Faculty of Science – CP3-origins – Department of Mathematics and Computer Science (IMADA) – SDU

Researchers at the CP3-Origins centre of excellence use the ABACUS 2.0 supercomputer to study new theoretical models to explain how the Universe is made at its most fundamental level. Supercomputers help researchers where experiments and observation reach their limits.

With the Nobel-prize discovery of the Higgs boson in 2012 after decades of searches, the last missing piece of the Standard Model of particle physics was put in place. Nonetheless many are the mysteries that the Standard Model cannot explain: why is the Higgs so light? why is there more matter than anti-matter? what is dark matter and dark energy?

At the CP3-Origins centre for Cosmology and Particle Physics Phenomenology, researchers are exploring the idea that the Higgs particle is made up of smaller pieces, i.e. it is a composite particle that behaves almost identically to the Standard Model Higgs boson.

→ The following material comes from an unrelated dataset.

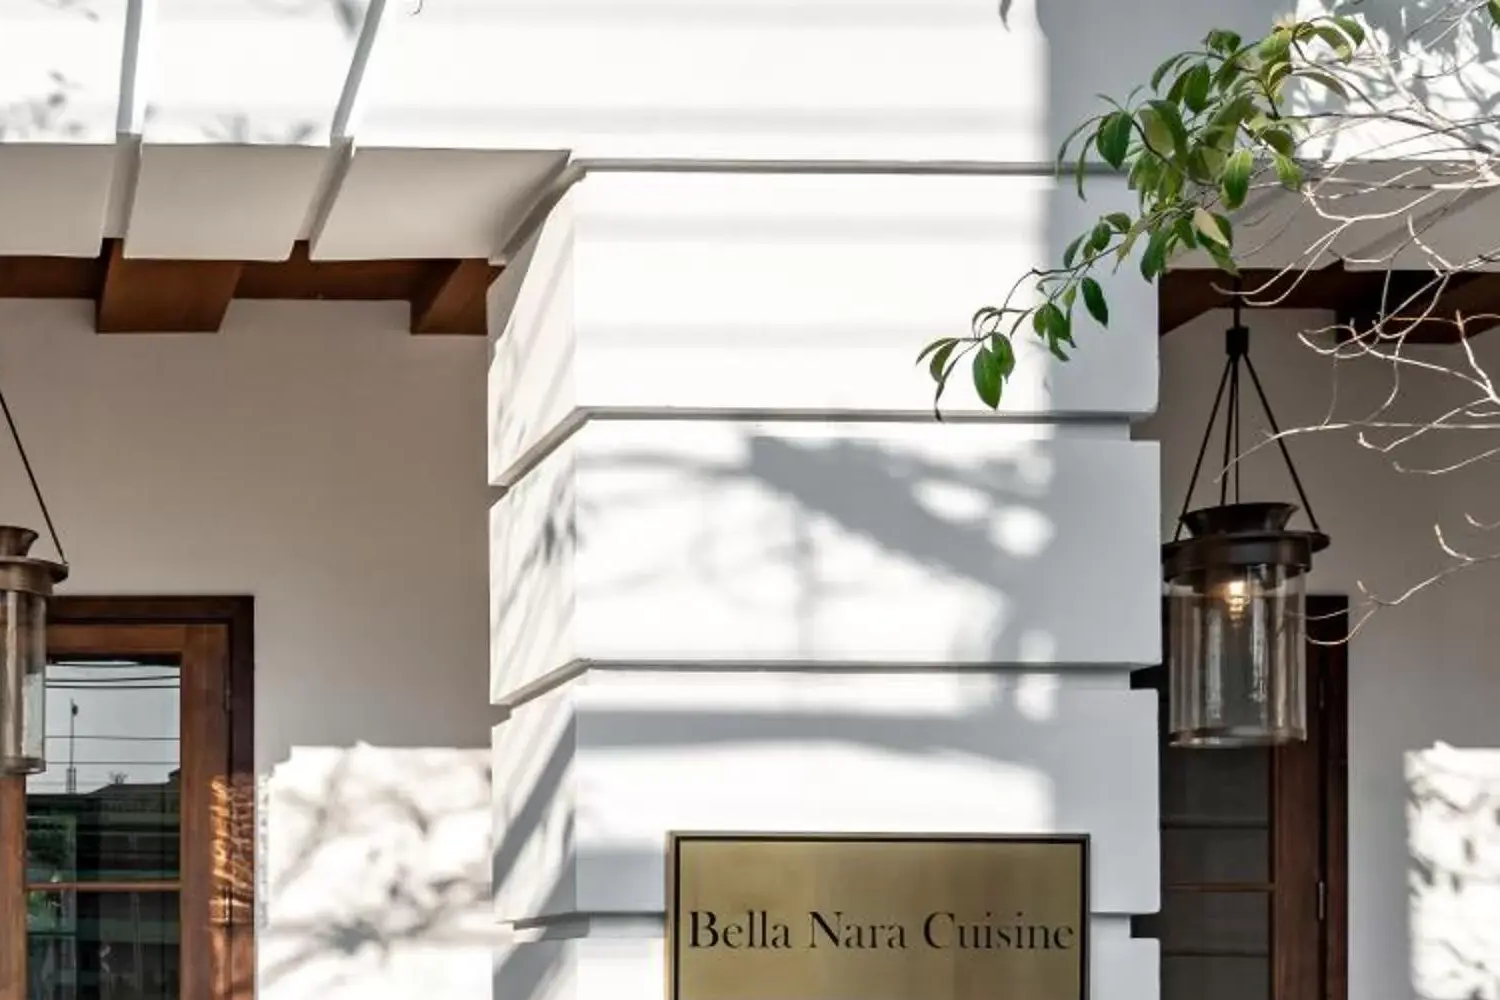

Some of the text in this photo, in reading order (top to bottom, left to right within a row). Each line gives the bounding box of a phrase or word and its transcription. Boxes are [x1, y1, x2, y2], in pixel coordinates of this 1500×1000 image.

The existence of these new smaller pieces could explain why the Higgs is so light and at the same time they could be re-arranged to form dark matter particles not present in the Standard Model.

Understanding the dynamics of these composite particles is no easy task, as the    theoretical models are so complex that no exact solutions exists. To get an accurate picture, researchers at CP3-Origins rely on the use of state-of-the-art supercomputers, such as ABACUS 2.0.